Cabe hacer dos aclaraciones, Señoronas: 

  • No. No se equivocó usted de medio informativo de confianza, esto no es Récord y 
  • No. Marisol Jiménez Landa no es una atleta profesional, es una entusiasta de correr maratones y carreras.

Así como lo escuchan, queridas lectoras, Marisol es una analista de datos que corre por placer incluso los domingos. Si bien no ha ganado ninguna carrera de relevancia internacional, sí ha logrado recorrer 42 kilómetros en tiempos excepcionales. 

Lograr eso significa tener disciplina y fuerza de voluntad. Marisol siempre está lista para dormir a más tardar a las 10 de la noche. Lleva un régimen alimenticio que la mantiene saludable y fuerte, es la tía favorita de sus dos sobrinas, su departamento siempre está impecable, se acuerda de los cumpleaños familiares, mantiene sus plantas vivas y ¡ahorra! Un verdadero ejemplo a seguir. 

Lamentablemente, este medio tampoco es Readers’ Digest, así que tenemos que encontrar el pelo en la sopa. Lo que parece ser una persona funcional y exitosa tiene un gran secreto: le es imposible ordenar su cajón de ropa interior. 

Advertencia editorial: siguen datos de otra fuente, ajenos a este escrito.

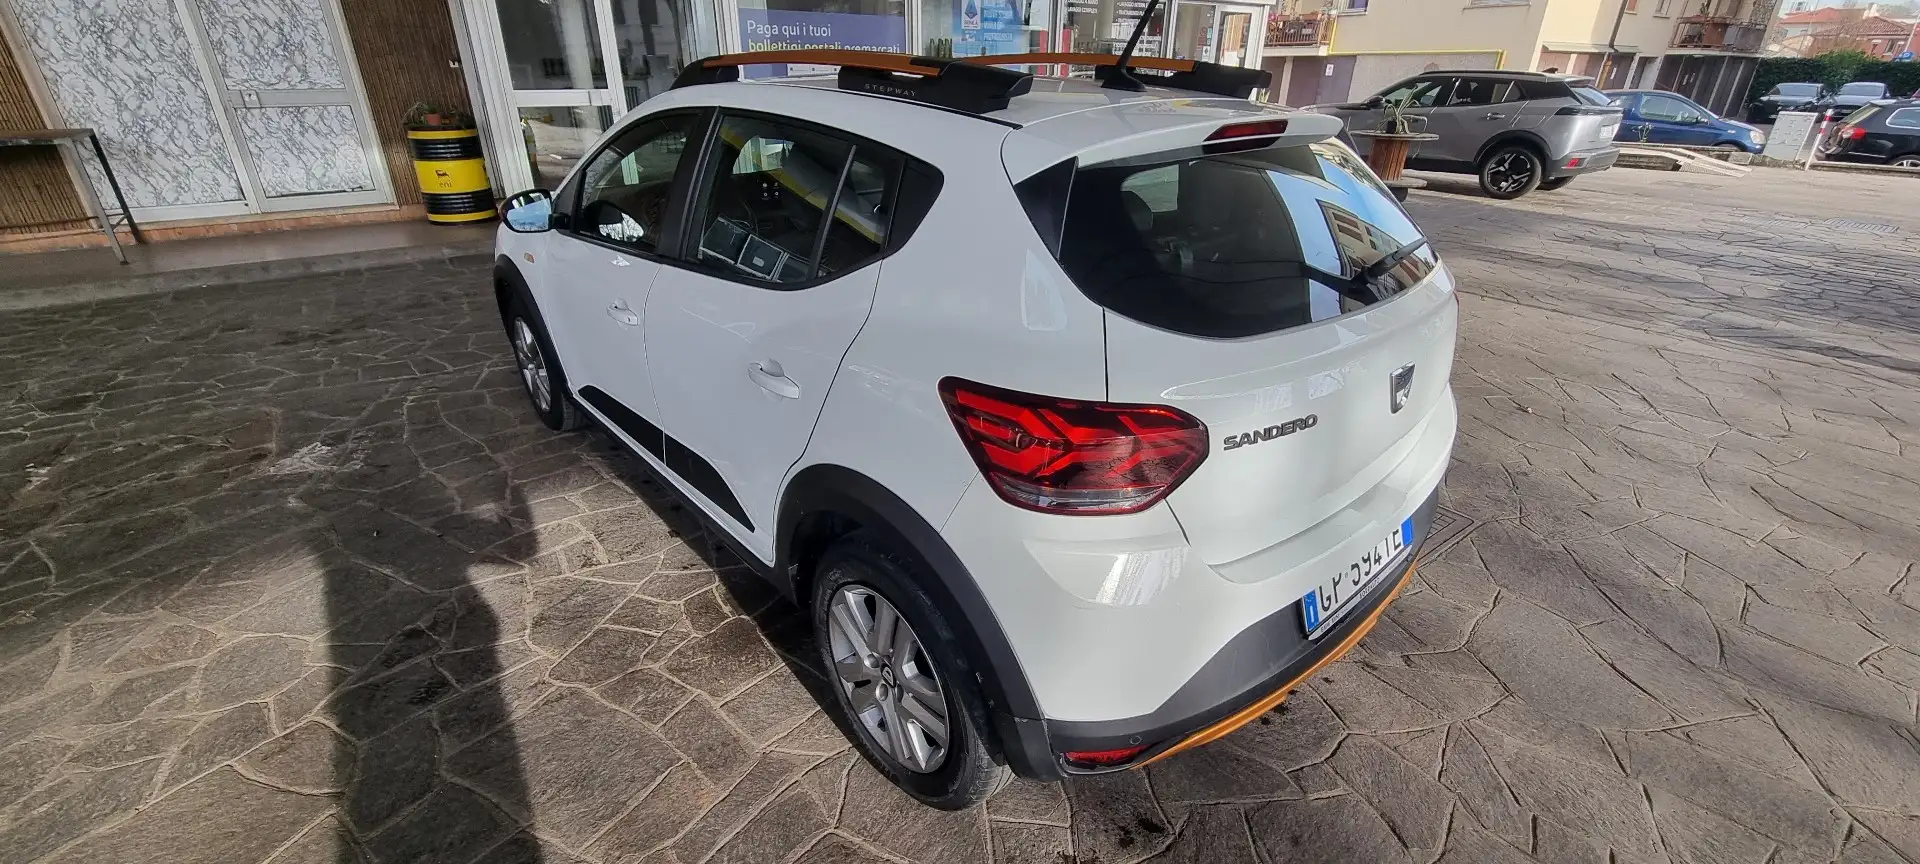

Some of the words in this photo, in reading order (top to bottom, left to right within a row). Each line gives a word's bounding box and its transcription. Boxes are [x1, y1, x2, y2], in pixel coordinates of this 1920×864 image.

[747, 20, 779, 37] Paga
[782, 22, 800, 38] qui
[803, 22, 806, 36] i
[809, 23, 831, 37] tuoi
[864, 83, 916, 96] STEPWAY
[439, 180, 452, 188] eni
[1223, 413, 1318, 451] SANDERO

Es como si hubiera una fuerza sobrenatural que me impide arreglar ese cajón. Me da pena, pero creo que tengo calzones ahí desde 1994”.

Marisol Jiménez,
mujer honesta.

En busca de una respuesta
El misterio no queda ahí ya que al cuestionarle a Marisol sobre el inicio de este extraño fenómeno, asegura que no sabe cuándo dejó de arreglarlo. En su mente, ella lo arregló la semana pasada, pero claramente, hay un error en el espacio-tiempo que le impide calcular cuándo fue la última vez que dobló y acomodó por colores y en pares su ropa interior. 

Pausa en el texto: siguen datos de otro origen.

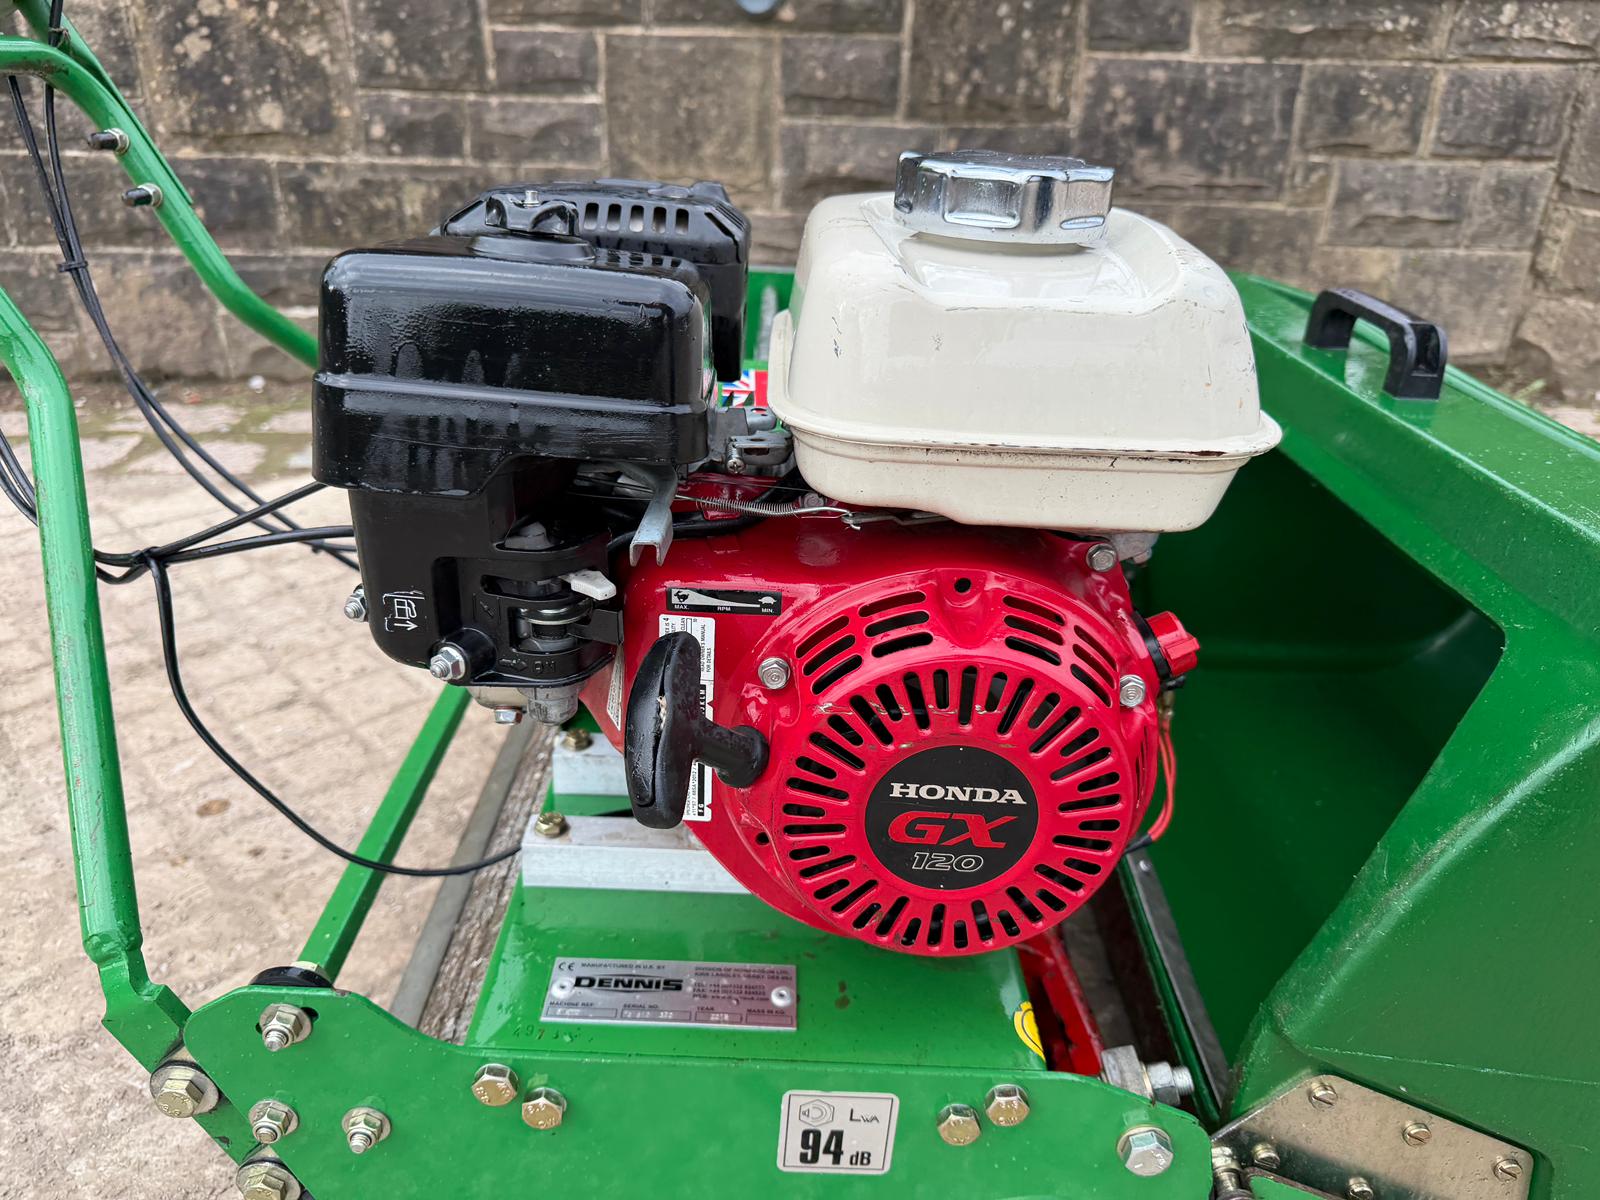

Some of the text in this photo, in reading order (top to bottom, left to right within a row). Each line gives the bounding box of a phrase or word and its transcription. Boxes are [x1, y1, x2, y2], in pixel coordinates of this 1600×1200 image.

[889, 782, 1027, 805] HONDA
[888, 811, 1018, 848] GX
[912, 852, 984, 873] 120
[574, 976, 683, 991] DENNIS
[799, 1129, 872, 1166] 94 dB

Como buena señora moderna, Marisol se lo intentó atribuir a los astros, pero siendo una Virgo pura sangre, sabía que tampoco iba por ahí. 

En un desesperado intento por llegar al fondo del fenómeno, se le preguntó a Marisol si había visto alguna vez algo así y mencionó que su mamá tiene un “cajón prohibido” en su cocina. Un cajón en donde hay bolsas de plástico, tornillos, servilletas, cerillos, masking tape, un desodorante de coche entre muchas otras cosas. 

¿Todas somos Marisol?
Todo indicaba que este era un fenómeno heredado de generación en generación en la familia de Marisol, hasta que después de una ardua investigación, esta redacción se dio cuenta de que esto era mucho más común de lo que se podría pensar. Incluso personas laborando en esta casa editorial revelaron que ellas también enfrentan este fenómeno y no solo en su cajón de ropa interior sino en distintos lugares de su hogar como: un cajón multiusos en la cocina, un cuartito de tiliches, el cuarto de servicio, etc. 

Al enterarse de esto, Marisol quedó profundamente agradecida con Señora Editora por hacerle saber que no está sola.

La pregunta queda en el aire y en el universo, Señoronas, ¿ustedes tienen un espacio que les sea imposible limpiar y acomodar?